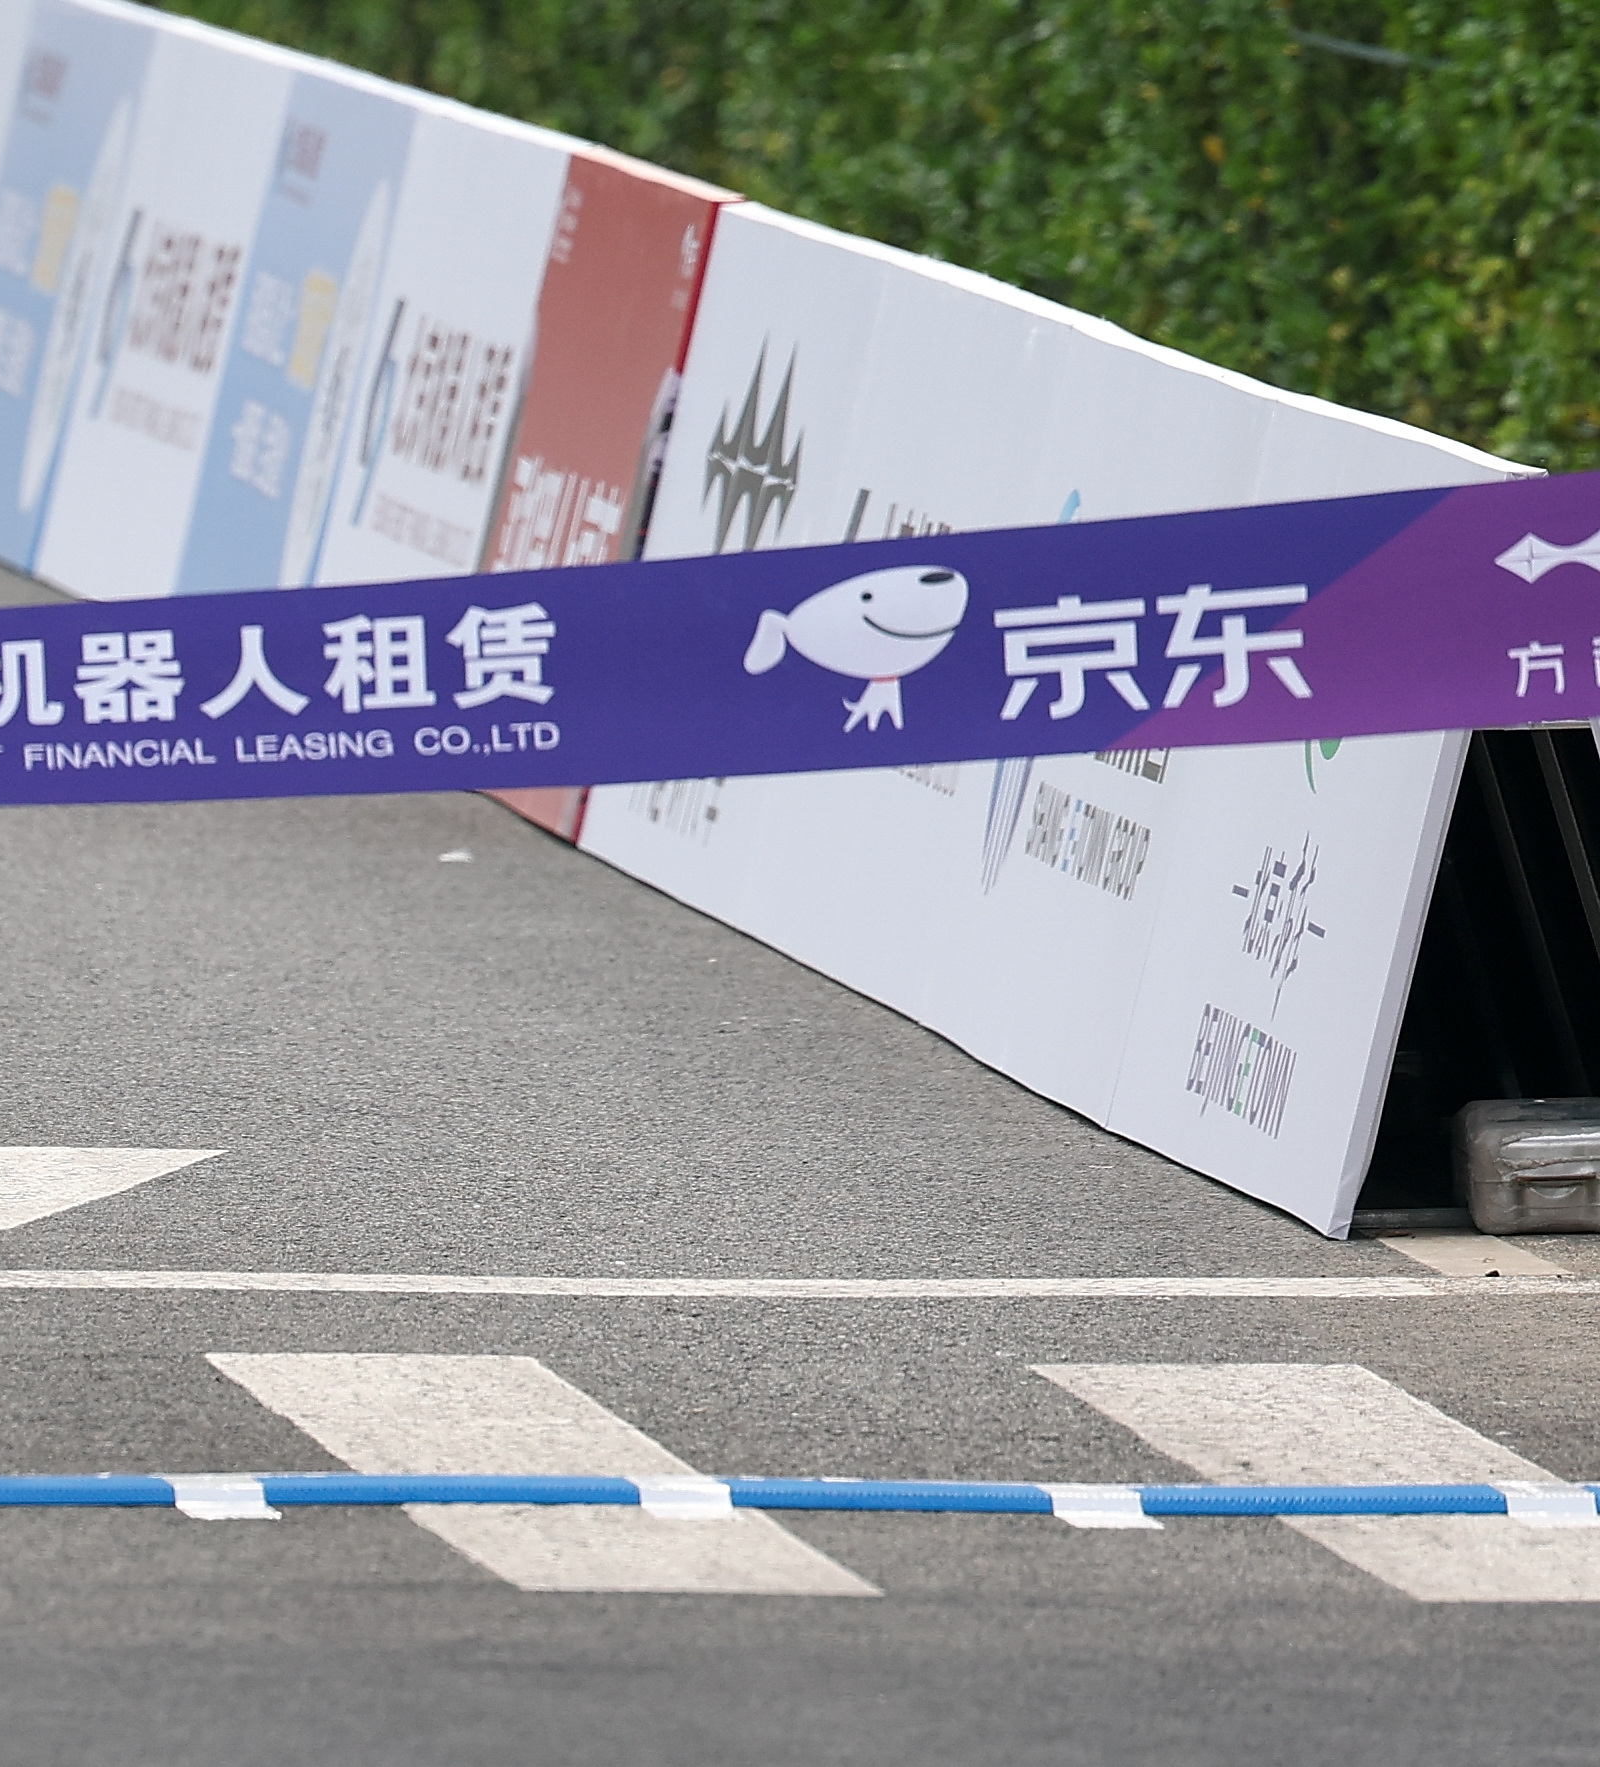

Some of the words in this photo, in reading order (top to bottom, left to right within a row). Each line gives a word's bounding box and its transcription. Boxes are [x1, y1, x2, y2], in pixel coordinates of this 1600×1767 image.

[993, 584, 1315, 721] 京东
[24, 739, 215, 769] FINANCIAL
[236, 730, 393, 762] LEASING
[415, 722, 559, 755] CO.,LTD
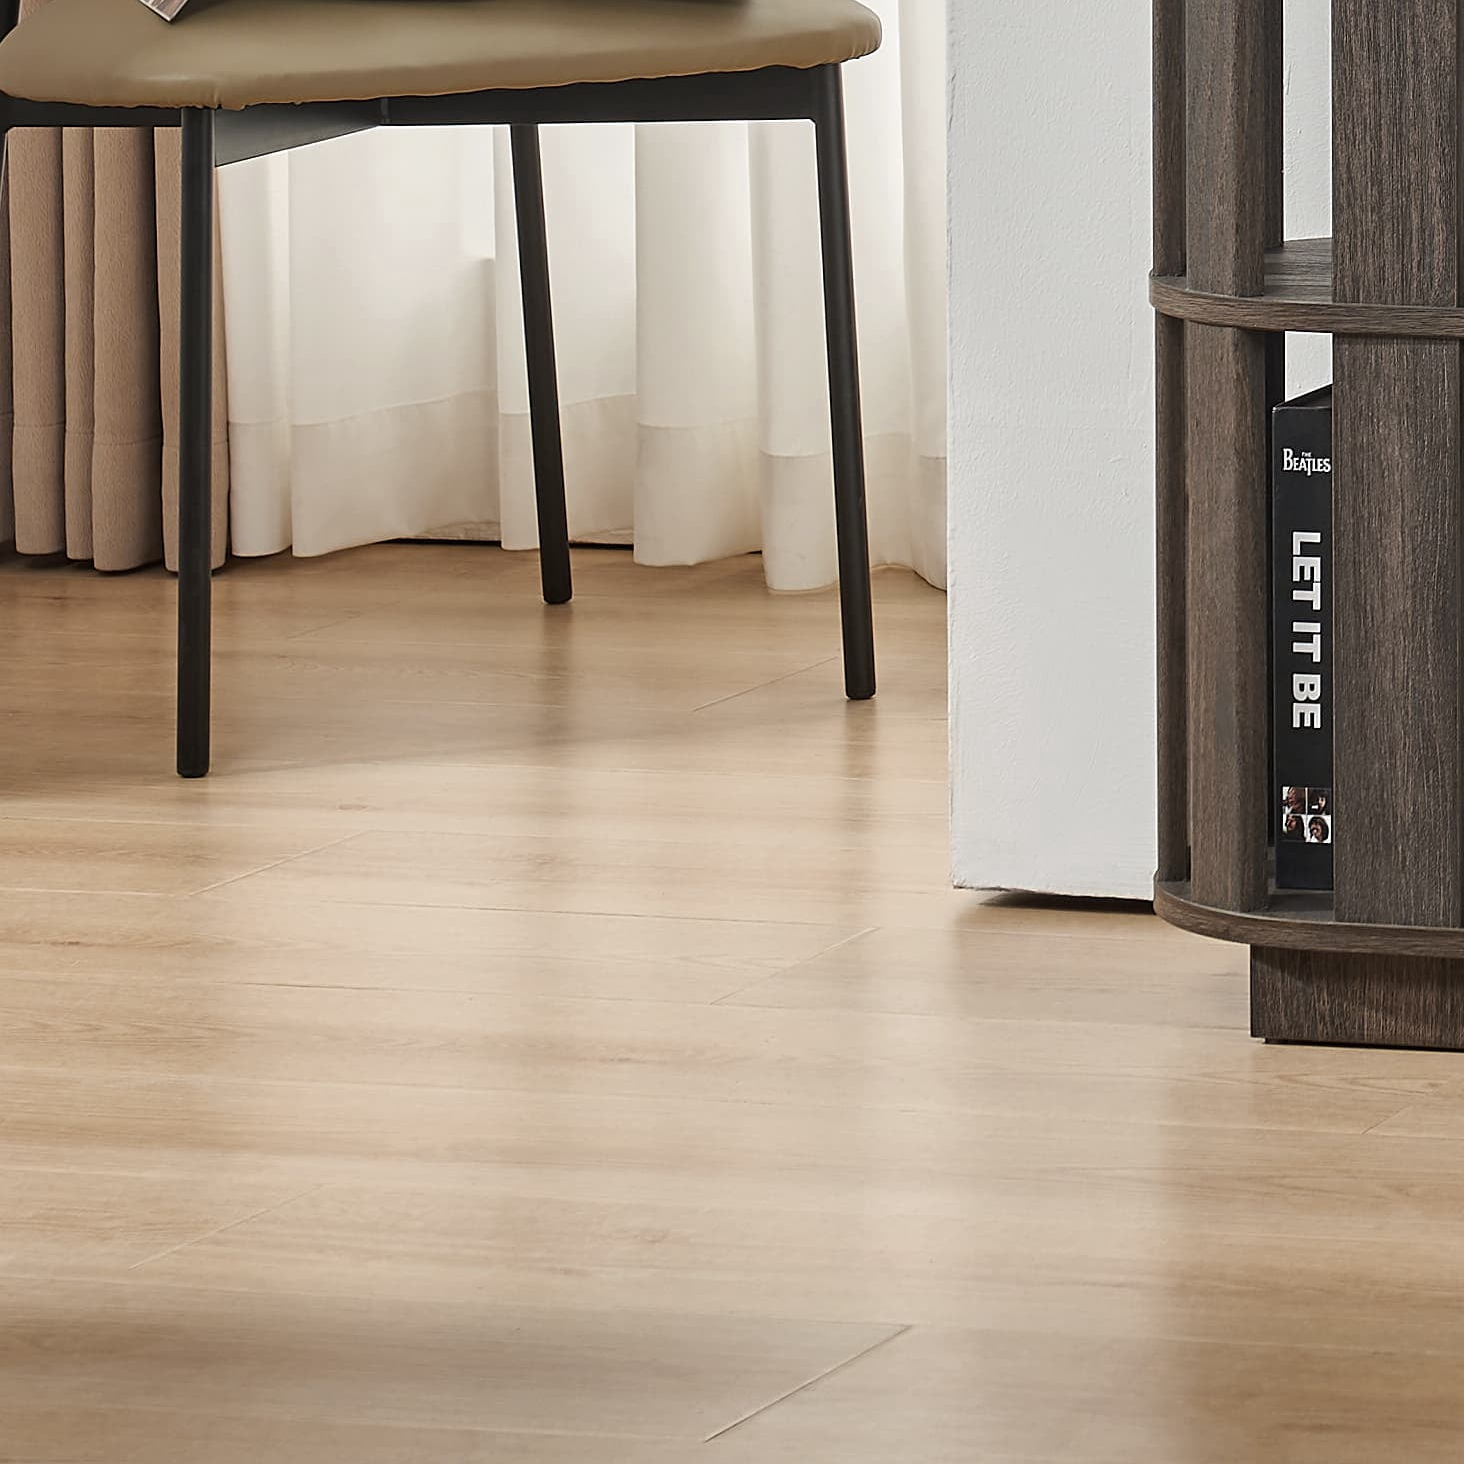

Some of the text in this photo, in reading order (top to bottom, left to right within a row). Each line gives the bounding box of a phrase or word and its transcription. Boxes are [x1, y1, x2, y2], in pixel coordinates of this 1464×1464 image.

=-=-=

After removing the pictures, transcribe the listing above exactly.

Some of the words in this photo, in reading order (top to bottom, left to right within a row). Each line gives a word's bounding box and its transcription. Boxes are [x1, y1, x2, y2], in pixel coordinates of this 1600×1767 image.

[993, 584, 1315, 721] 京东
[24, 739, 215, 769] FINANCIAL
[236, 730, 393, 762] LEASING
[415, 722, 559, 755] CO.,LTD

Some of the text in this photo, in reading order (top to bottom, left to right within a row). Each line gives the bounding box of a phrase or word and its transcription. Boxes are [x1, y1, x2, y2], in pixel coordinates of this 1464×1464 image.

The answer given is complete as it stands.